» **Information given**:
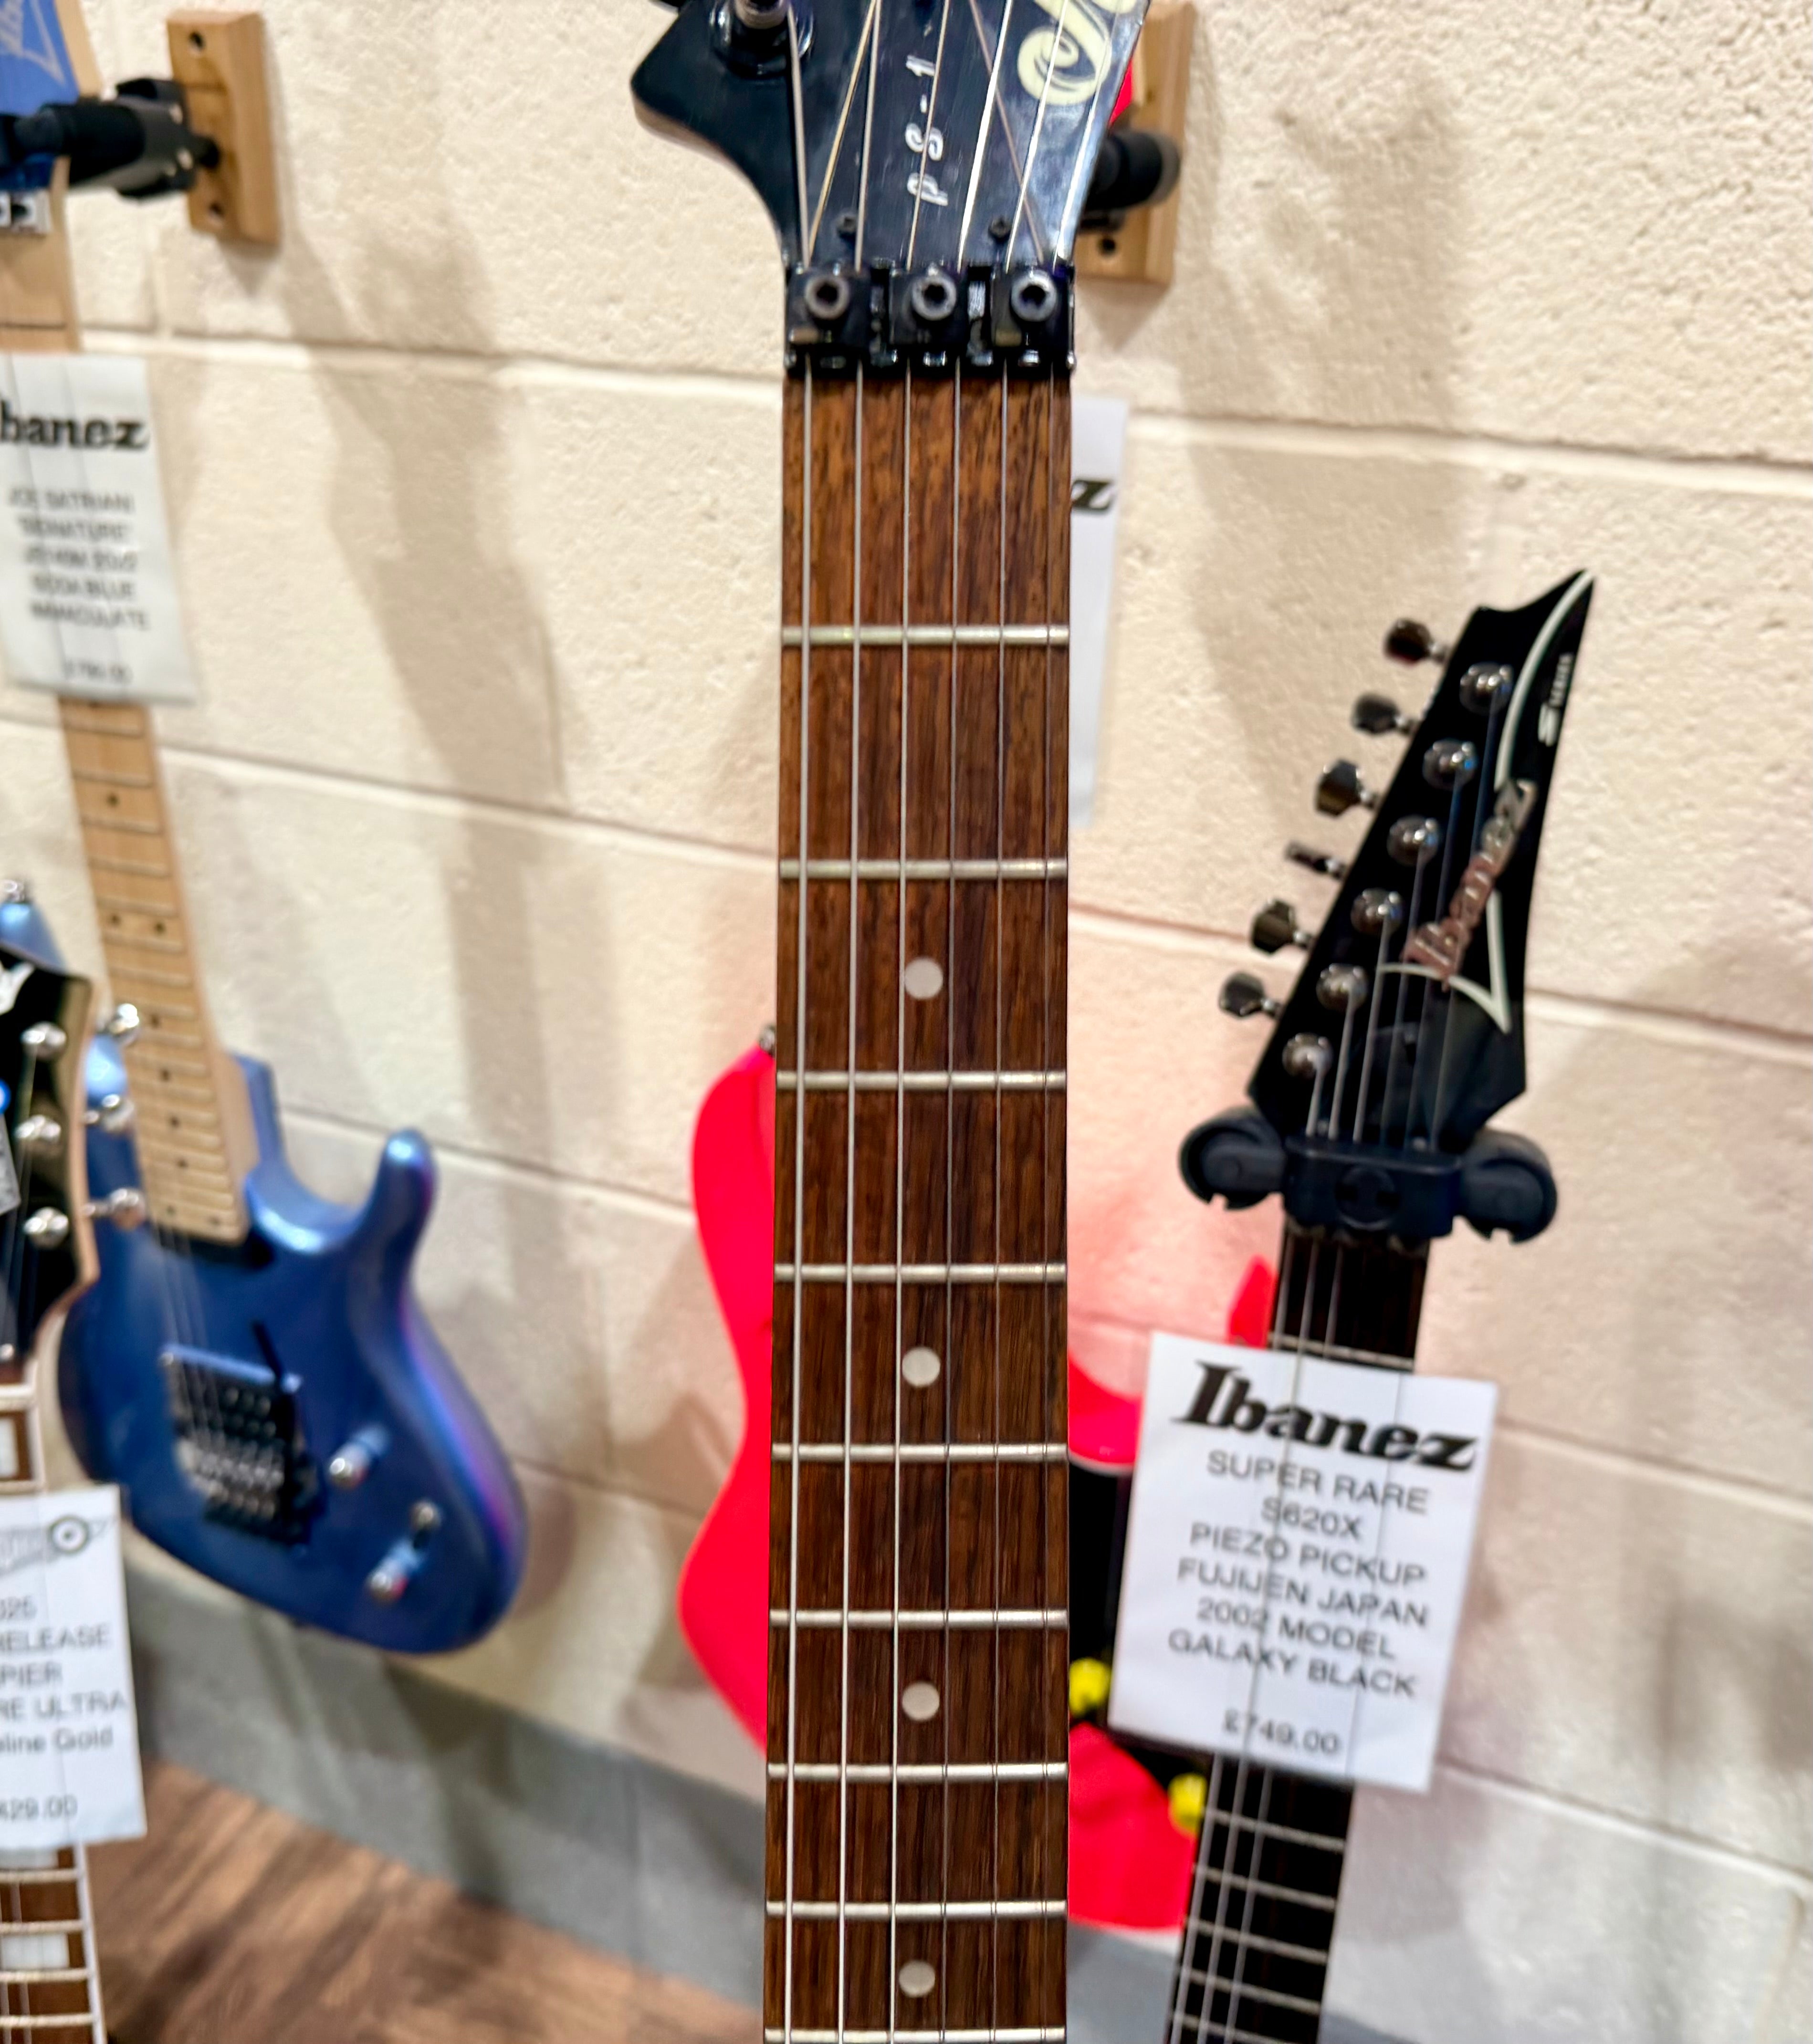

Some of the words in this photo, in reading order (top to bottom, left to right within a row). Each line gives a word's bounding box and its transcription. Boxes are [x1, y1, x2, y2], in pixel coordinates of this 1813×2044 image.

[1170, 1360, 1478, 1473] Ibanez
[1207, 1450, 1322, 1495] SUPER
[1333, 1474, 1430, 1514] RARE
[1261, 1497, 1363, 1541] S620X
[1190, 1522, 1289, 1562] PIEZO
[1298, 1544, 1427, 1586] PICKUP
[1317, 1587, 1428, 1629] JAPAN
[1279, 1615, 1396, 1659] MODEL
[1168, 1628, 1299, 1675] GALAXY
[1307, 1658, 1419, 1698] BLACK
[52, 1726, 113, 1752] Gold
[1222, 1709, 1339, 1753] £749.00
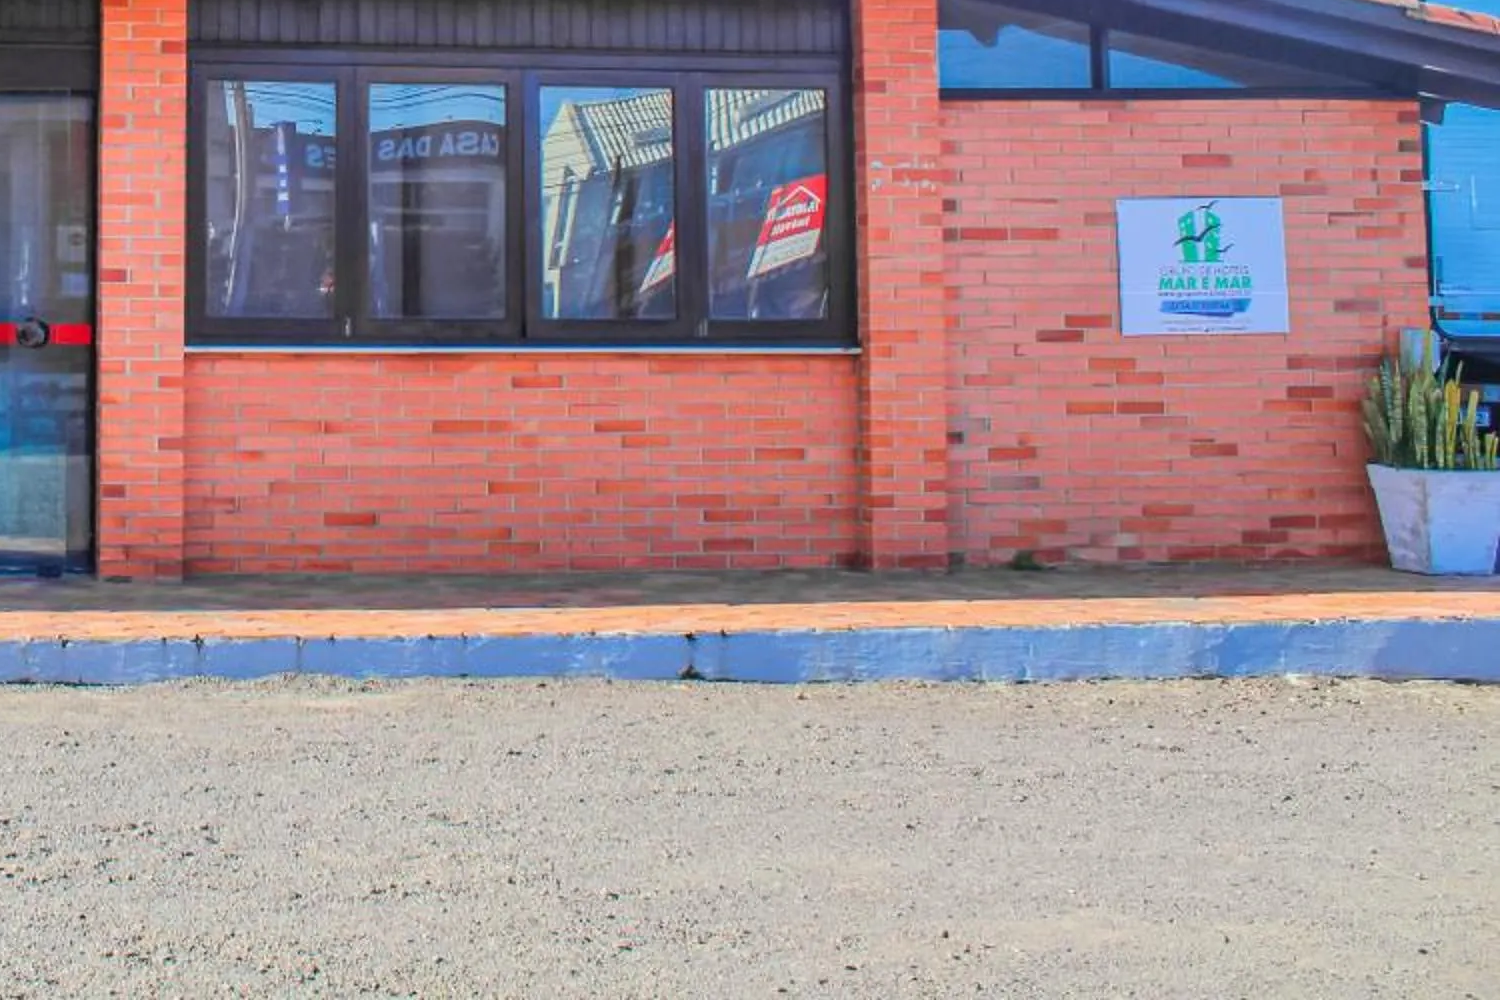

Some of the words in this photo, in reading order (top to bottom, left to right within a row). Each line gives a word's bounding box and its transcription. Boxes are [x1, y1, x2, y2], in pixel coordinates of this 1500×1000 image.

» **Task item**:
Reproduce every record above word for word. Leave the pictures out.

» **Reply**:
Some of the words in this photo, in reading order (top to bottom, left to right within a row). Each line gives a word's bounding box and its transcription. Boxes are [x1, y1, x2, y2], in pixel coordinates of this 1813×2044 image.

[1170, 1360, 1478, 1473] Ibanez
[1207, 1450, 1322, 1495] SUPER
[1333, 1474, 1430, 1514] RARE
[1261, 1497, 1363, 1541] S620X
[1190, 1522, 1289, 1562] PIEZO
[1298, 1544, 1427, 1586] PICKUP
[1317, 1587, 1428, 1629] JAPAN
[1279, 1615, 1396, 1659] MODEL
[1168, 1628, 1299, 1675] GALAXY
[1307, 1658, 1419, 1698] BLACK
[52, 1726, 113, 1752] Gold
[1222, 1709, 1339, 1753] £749.00

Some of the words in this photo, in reading order (top to bottom, left to right within a row). Each line gives a word's bounding box and its transcription. Boxes are [x1, y1, x2, y2], in pixel coordinates of this 1500×1000 image.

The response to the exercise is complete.